- GIVEN ENTRIES:
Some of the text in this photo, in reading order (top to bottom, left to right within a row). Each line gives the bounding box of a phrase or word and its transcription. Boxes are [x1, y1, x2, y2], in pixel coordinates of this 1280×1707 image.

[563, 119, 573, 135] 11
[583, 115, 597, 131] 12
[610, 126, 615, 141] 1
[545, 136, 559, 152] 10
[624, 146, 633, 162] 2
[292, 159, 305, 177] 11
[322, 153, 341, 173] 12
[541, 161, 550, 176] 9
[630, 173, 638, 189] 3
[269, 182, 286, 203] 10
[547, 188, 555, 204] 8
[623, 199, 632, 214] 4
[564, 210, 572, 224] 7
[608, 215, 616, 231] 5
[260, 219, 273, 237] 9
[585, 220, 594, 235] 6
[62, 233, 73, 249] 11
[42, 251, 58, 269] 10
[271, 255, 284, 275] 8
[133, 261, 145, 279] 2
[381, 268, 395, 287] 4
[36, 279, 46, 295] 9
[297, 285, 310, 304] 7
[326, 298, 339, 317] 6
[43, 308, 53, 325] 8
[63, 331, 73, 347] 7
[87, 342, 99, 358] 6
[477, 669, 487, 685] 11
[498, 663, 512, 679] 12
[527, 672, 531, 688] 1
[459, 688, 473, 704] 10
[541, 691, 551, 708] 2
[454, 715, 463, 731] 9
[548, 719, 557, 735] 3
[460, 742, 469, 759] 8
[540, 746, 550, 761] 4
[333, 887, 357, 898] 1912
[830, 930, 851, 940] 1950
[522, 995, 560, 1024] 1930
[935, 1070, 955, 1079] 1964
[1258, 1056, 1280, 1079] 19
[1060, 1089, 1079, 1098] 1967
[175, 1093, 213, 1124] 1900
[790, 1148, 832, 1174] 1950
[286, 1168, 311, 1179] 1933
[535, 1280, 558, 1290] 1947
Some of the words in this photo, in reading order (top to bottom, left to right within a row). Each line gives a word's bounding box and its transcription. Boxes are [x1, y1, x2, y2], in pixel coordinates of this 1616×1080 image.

- TASK OBJECTIVE: I need each of the entries above printed again exactly.

- WRITTEN REPLY:
Some of the text in this photo, in reading order (top to bottom, left to right within a row). Each line gives the bounding box of a phrase or word and its transcription. Boxes are [x1, y1, x2, y2], in pixel coordinates of this 1280×1707 image.

[563, 119, 573, 135] 11
[583, 115, 597, 131] 12
[610, 126, 615, 141] 1
[545, 136, 559, 152] 10
[624, 146, 633, 162] 2
[292, 159, 305, 177] 11
[322, 153, 341, 173] 12
[541, 161, 550, 176] 9
[630, 173, 638, 189] 3
[269, 182, 286, 203] 10
[547, 188, 555, 204] 8
[623, 199, 632, 214] 4
[564, 210, 572, 224] 7
[608, 215, 616, 231] 5
[260, 219, 273, 237] 9
[585, 220, 594, 235] 6
[62, 233, 73, 249] 11
[42, 251, 58, 269] 10
[271, 255, 284, 275] 8
[133, 261, 145, 279] 2
[381, 268, 395, 287] 4
[36, 279, 46, 295] 9
[297, 285, 310, 304] 7
[326, 298, 339, 317] 6
[43, 308, 53, 325] 8
[63, 331, 73, 347] 7
[87, 342, 99, 358] 6
[477, 669, 487, 685] 11
[498, 663, 512, 679] 12
[527, 672, 531, 688] 1
[459, 688, 473, 704] 10
[541, 691, 551, 708] 2
[454, 715, 463, 731] 9
[548, 719, 557, 735] 3
[460, 742, 469, 759] 8
[540, 746, 550, 761] 4
[333, 887, 357, 898] 1912
[830, 930, 851, 940] 1950
[522, 995, 560, 1024] 1930
[935, 1070, 955, 1079] 1964
[1258, 1056, 1280, 1079] 19
[1060, 1089, 1079, 1098] 1967
[175, 1093, 213, 1124] 1900
[790, 1148, 832, 1174] 1950
[286, 1168, 311, 1179] 1933
[535, 1280, 558, 1290] 1947
Some of the words in this photo, in reading order (top to bottom, left to right within a row). Each line gives a word's bounding box and its transcription. Boxes are [x1, y1, x2, y2], in pixel coordinates of this 1616×1080 image.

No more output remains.